Chapter 56 Emerging Intramural and Transmural Endoscopy
Video related to this chapter’s topics: Endocytoscope observation of the muscularis propria in the stomach with SEMF technique
Introduction
Limitless possibilities exist for the endoscope to serve as a sophisticated diagnostic probe and a platform for endoluminal therapeutic interventions. Flexible gastrointestinal (GI) endoscopy has achieved major accomplishments so far, which include inspection of the total digestive canal, detection of grossly invisible minute mucosal abnormalities, reliable hemostasis for GI bleeding, pancreaticobiliary intervention, ultrasound staging of neoplasms, and radical excision of mucosal malignancies. Despite these practical technologic accomplishments, the working space for flexible endoscopy has been confined to the gut lumen. The gut wall has always been the great barrier for flexible endoscopy, instilling a tradition of respect to maintain its integrity and limiting intervention. Both gastroenterologists and surgeons are now exploring the new frontier through the gut wall to achieve incisionless surgery.1 More recent research has approached the gut wall as an opportunity and showed that an artificially created intramural space could become a working space for novel endoscopic interventions.2,3
Techniques for Creation of a Submucosal Working Space: Submucosal Endoscopy with Mucosal Safety Valve Technique
The submucosal endoscopy with mucosal flap (SEMF) “safety valve” technique represents a global concept of using a submucosal space as a practical working space for endoscopic intervention.4 Using the SEMF technique, major technical challenges to standard endoscopic intervention may be overcome by using the endoscope and surgical devices inserted into the intramural space—formally the submucosa. It was hypothesized that the technique may offer safe (offset) access into the peritoneal cavity for natural orifice transluminal endoscopic surgery (NOTES) by using the submucosal space as a tunneled portal and the isolated free overlying mucosa as a protective sealant flap to minimize the potential for contamination of the extraluminal anatomic cavity (Fig. 56.1).3 Also, mucosal resection could be safely performed in an “inside-out” manner, directing intervention toward the lumen with a greatly reduced risk of perforation, regardless of the size for a mucosal based lesion.5
In the original SEMF technique,6 the submucosal layer was mechanically dissected by a combination of high-pressure carbon dioxide (CO2) and balloon dissection. The procedure was initiated by a submucosal injection of a small amount of saline to identify the submucosal tissue plane (see Fig. 56.1A). Millisecond bursts of high-pressure CO2 (100 psi on average) were injected into the bleb to create a gas-filled giant submucosal bleb and gas-dissected submucosa. This gas dissection technique allows instant isolation of a large area of the mucosa as desired, greater than 10 cm in diameter. An injection of 1.5% hydroxypropyl methylcellulose into this dissected plane prevents gas escape and maintains the large bleb. A mucosal incision (10 mm) made with a needle-knife at one margin of the combination bleb and fluid cushion allows entry below the mucosa. With persistent submucosal tissue stranding present, balloon dissection using a 15-mm biliary retrieval balloon can be performed to disrupt the tissue strands to transform the submucosa into an intramural free space (see Fig. 56.1B). Instead of the combination of gas and balloon dissections, blunt dissection with a grasping forceps also could be used for the mechanical disruption of the submucosal layer. In contrast to the SEMF technique and long preceding it, Japanese endoscopists have used repetitive time-consuming needle-knife dissection directed into the submucosal plane using one of a series of needle-knives specially designed for endoscopic submucosal dissection (ESD) technique.

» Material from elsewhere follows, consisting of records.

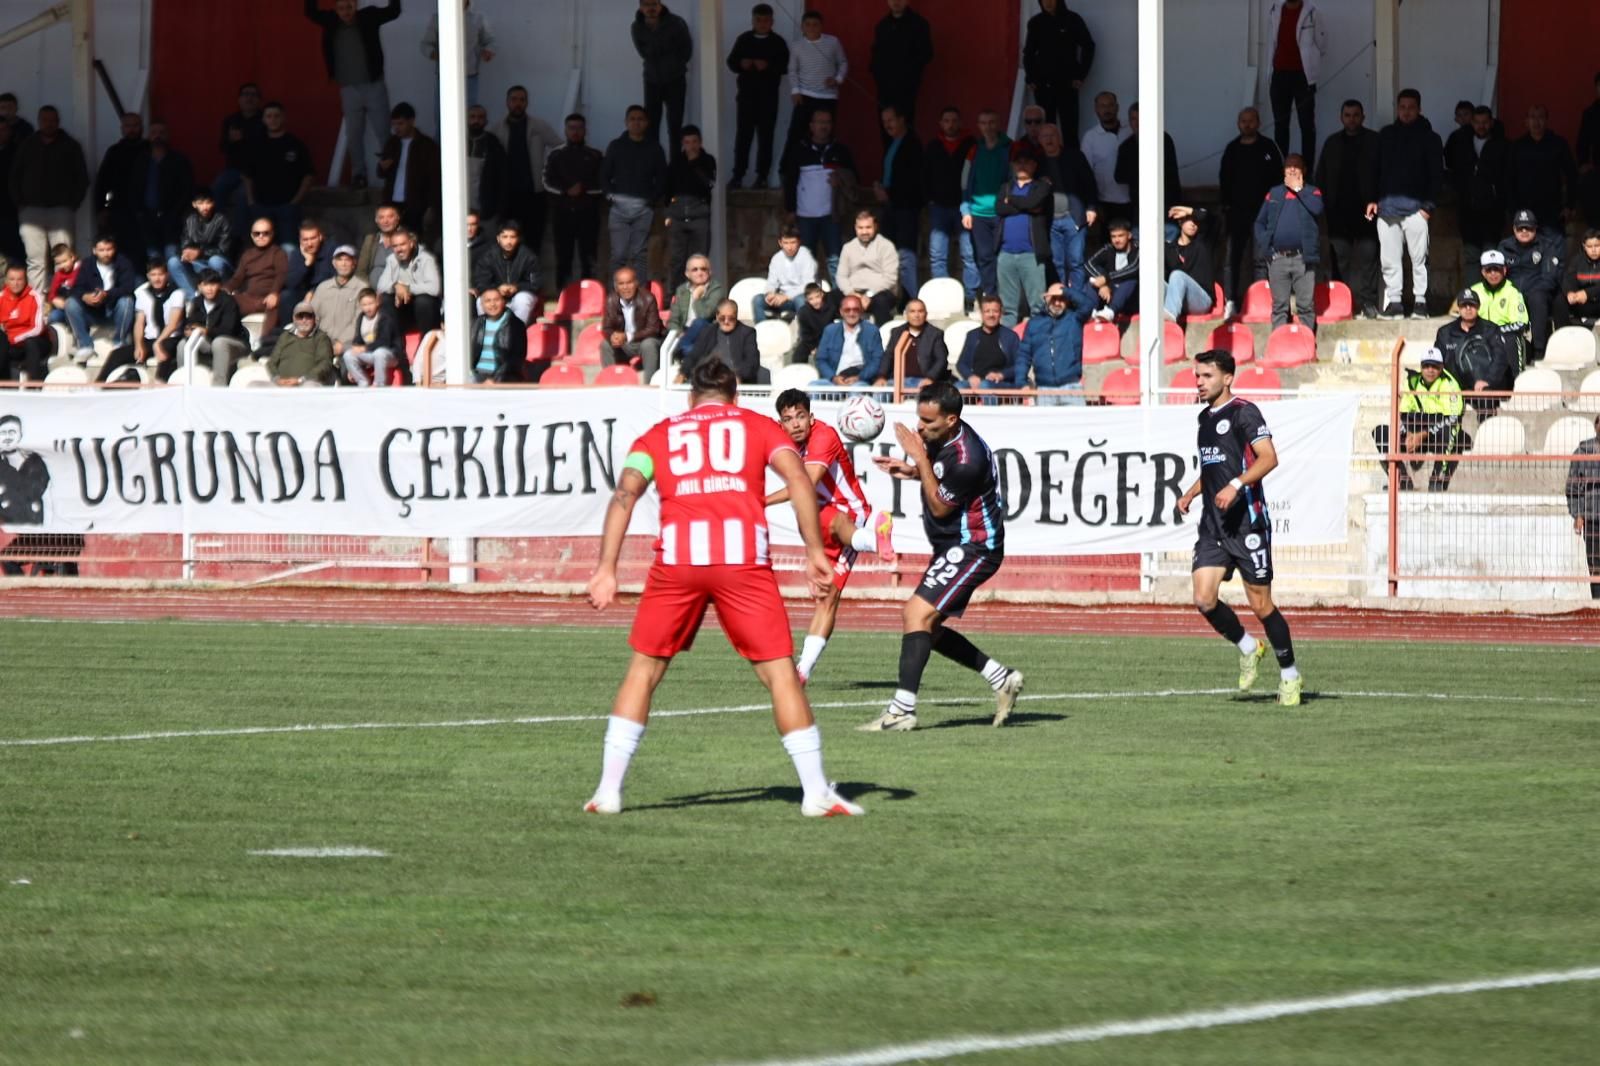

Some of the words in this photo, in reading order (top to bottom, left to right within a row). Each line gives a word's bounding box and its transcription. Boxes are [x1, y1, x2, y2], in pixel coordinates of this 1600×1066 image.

[53, 423, 346, 506] "UĞRUNDA
[378, 413, 617, 518] ÇEKİLEN
[667, 420, 747, 476] 50
[926, 556, 959, 587] 22
[1250, 548, 1268, 569] 17
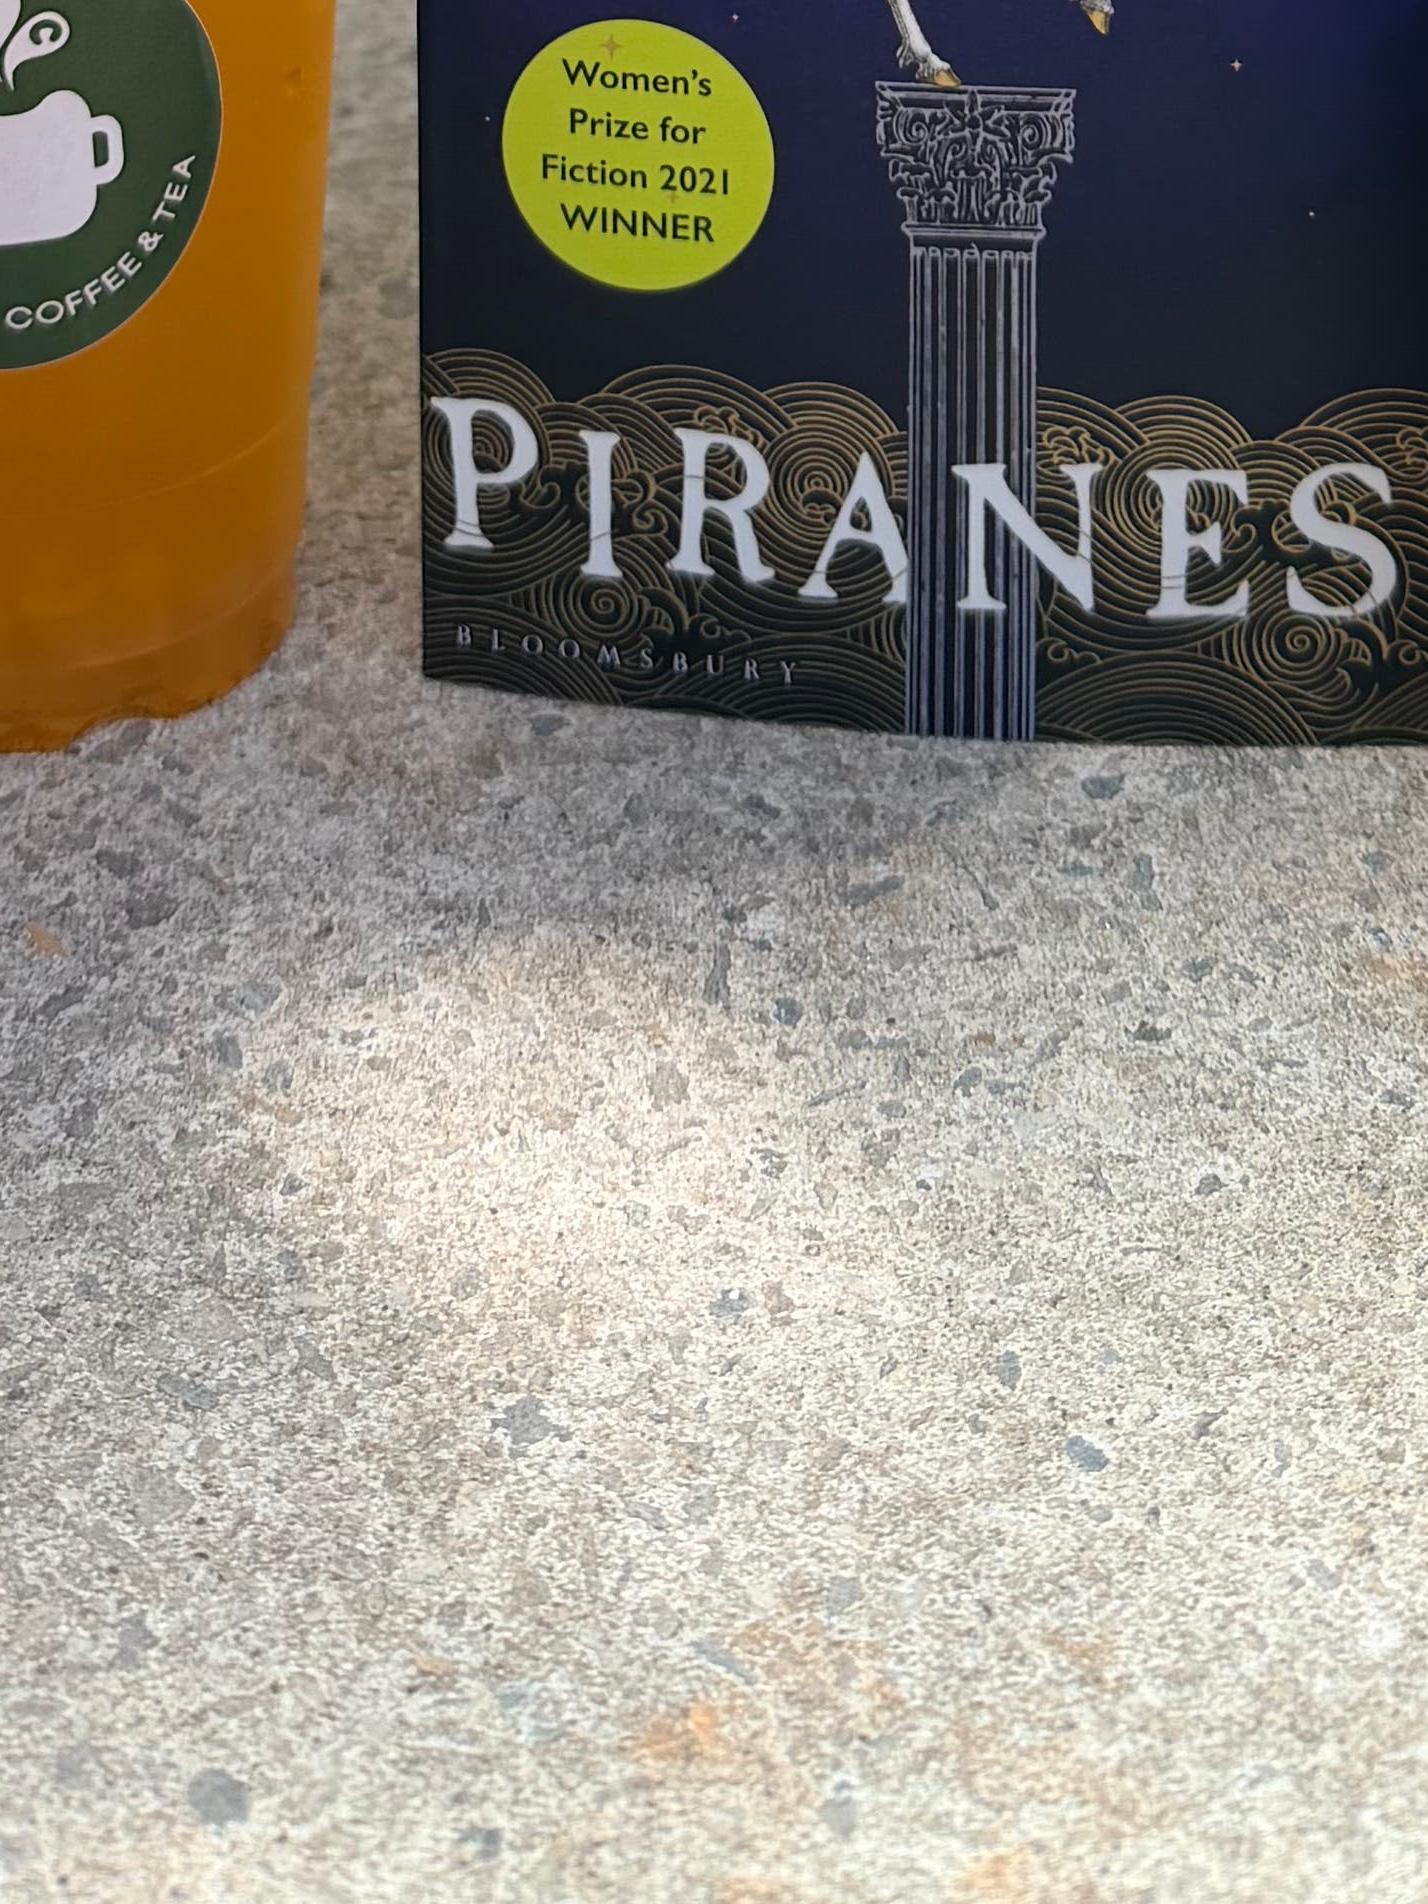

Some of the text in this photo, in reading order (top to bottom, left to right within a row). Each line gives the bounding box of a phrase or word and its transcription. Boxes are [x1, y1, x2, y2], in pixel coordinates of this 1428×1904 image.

[562, 58, 713, 97] Women’s
[569, 108, 706, 145] Prize for
[541, 153, 730, 196] Fiction 2021
[4, 251, 143, 331] COFFEE
[137, 230, 164, 253] &
[153, 154, 197, 225] TEA
[560, 203, 716, 243] WINNER
[456, 623, 797, 685] BLOOMSBURY

Chemically Assisted Submucosal Dissection Technique
The original gas dissection SEMF technique was developed with the intent of rapidly creating an open submucosal space. This technique can be slow because of tedious balloon dissection in the setting of a resilient submucosa. The large mucosal flap can be susceptible to necrosis because of inadvertent mechanical trauma and, perhaps, microvascular ischemia. To preserve blood supply of the free mucosal flap, it is necessary to identify an optimal width and length of the submucosal tunnel or space matched to the specific intervention. In an effort to minimize mechanical trauma to the mucosal flap, we have discovered mesna (C2H5NaO3S2) as a practical pretreatment of the submucosa before the blunt dissection. Mesna can chemically soften the submucosa by dissolving disulfide bonds in connective tissues that play an important role in the folding and stability of proteins.7 Mesna is clinically used as a mucolytic agent for patients with respiratory disorders and is better known in oncology as a uroprotective drug to prevent ifosfamide-induced and cyclophosphamide-induced hemorrhagic cystitis. Drug safety has been shown from these clinical experiences.

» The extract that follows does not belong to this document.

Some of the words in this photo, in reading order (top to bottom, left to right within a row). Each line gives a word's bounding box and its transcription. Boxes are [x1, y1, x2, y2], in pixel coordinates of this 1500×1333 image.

The concept of chemically assisted surgical dissection with mesna was initially introduced to assist blunt dissection of the facial planes in the field of otorhinolaryngology. The benefits of mesna have been confirmed in other surgical interventions. In the chemically assisted SEMF technique, 4 to 8 mL of 10% mesna solution is injected into the saline submucosal bleb before initiating balloon dissection. A randomized porcine study using this method showed that a longitudinal submucosal tunnel greater than 5 cm could be created within 10 minutes in porcine stomachs with significantly less tissue resistance to insertion of a balloon catheter and subsequent mechanical balloon dissection. Clinical experience has subsequently been obtained using mesna to facilitate excision of colon polyps and gastric neoplasms.8 The preliminary clinical experiences in the stomach and colon support the benefits of mesna in “softening” the submucosa.
Intramural Endoscopy (Submucosal Endoscopic Procedures)

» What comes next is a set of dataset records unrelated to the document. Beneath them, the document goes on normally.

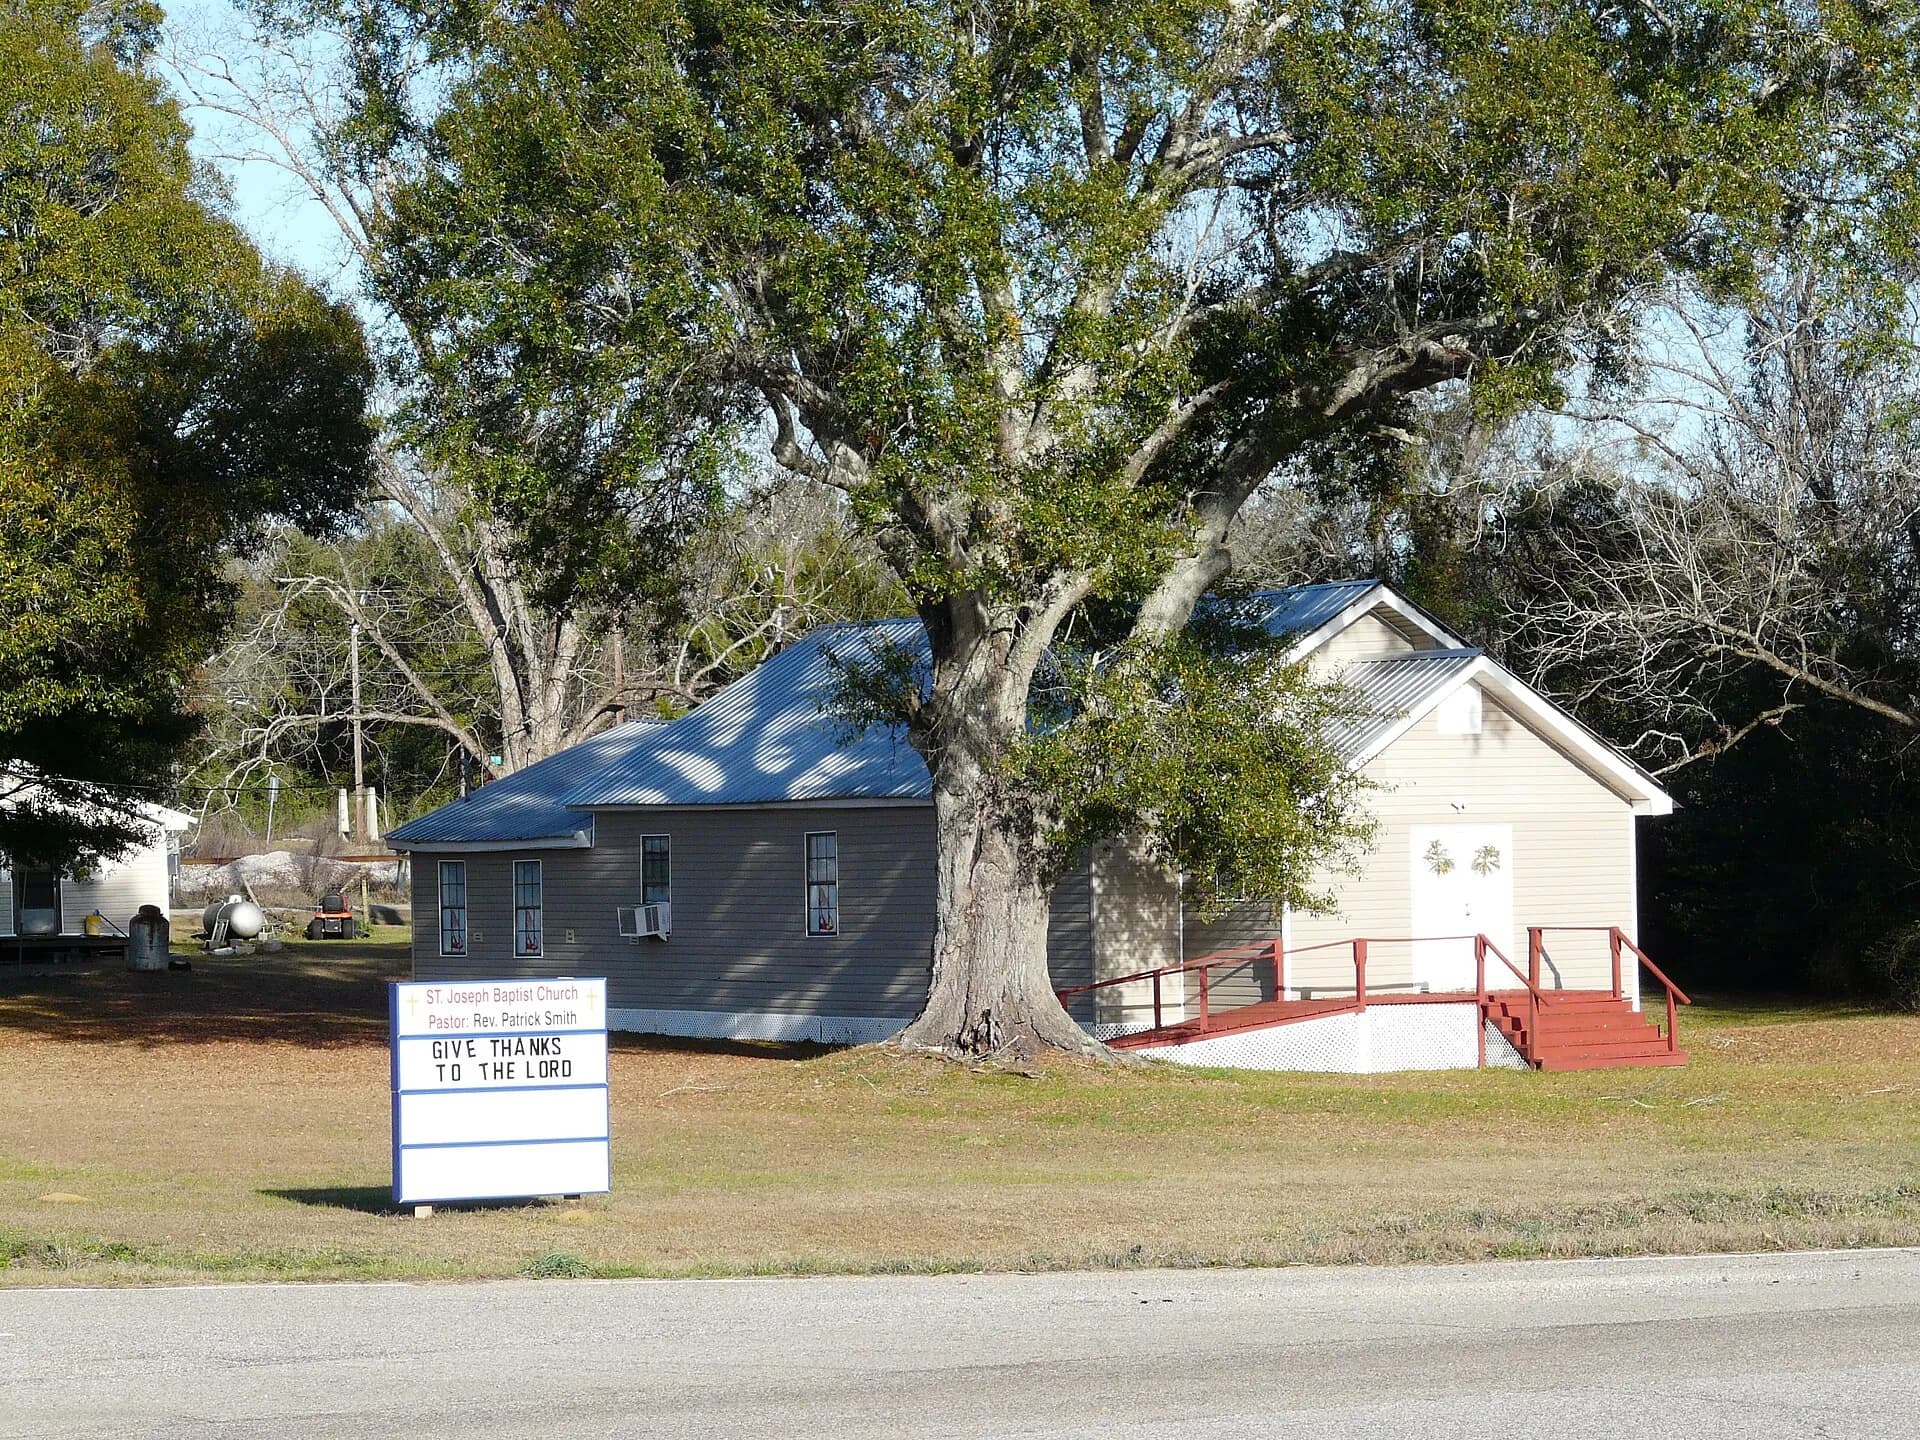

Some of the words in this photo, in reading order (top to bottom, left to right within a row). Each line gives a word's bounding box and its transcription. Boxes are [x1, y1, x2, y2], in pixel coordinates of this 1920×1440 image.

[426, 989, 443, 1005] ST.
[447, 987, 489, 1007] Joseph
[493, 987, 534, 1006] Baptist
[537, 985, 578, 1002] Church
[429, 1014, 469, 1029] Pastor:
[473, 1013, 498, 1028] Rev.
[502, 1012, 541, 1027] Patrick
[545, 1011, 577, 1025] Smith
[432, 1039, 477, 1059] GIVE
[490, 1037, 561, 1057] THANKS
[436, 1064, 461, 1082] TO
[479, 1062, 515, 1081] THE
[526, 1060, 572, 1079] LORD

In Vivo Histologic Imaging of the Muscularis Propria
We have so far applied two imaging technologies for muscle layer imaging in an animal study using porcine models,9 both of which have been newly introduced into flexible endoscopy in a clinical setting. These imaging technologies are endocytoscopy (EndoCytoscope, Olympus, Tokyo, Japan), which is a catheter-style ultrahigh-magnifying endoscopy with optical magnification greater than 1000× and confocal microscopy (Fig. 56.2). The chemically assisted SEMF technique was used to access the muscularis propria in esophageal and gastric locations. Nissl stains and two types of neuronal molecular stains were topically applied onto the exposed muscularis propria within the SEMF submucosal space. The muscular layer was imaged in vivo 2 minutes after the muscular staining with the endocytoscope inserted into the SEMF submucosal space. A sample of the muscularis propria was stained with molecular-based stains and evaluated, ex vivo after necropsy by confocal microscopy. Endocytoscopy revealed cellular microstructures resembling spindle-shaped smooth muscle cells comparable to bench microscopy (Fig. 56.3A). Confocal microscopy performed after necropsy showed that the in vivo topical application of neuronal molecular stains successfully stained the muscularis and highlighted neuronlike cells (Fig. 56.3B).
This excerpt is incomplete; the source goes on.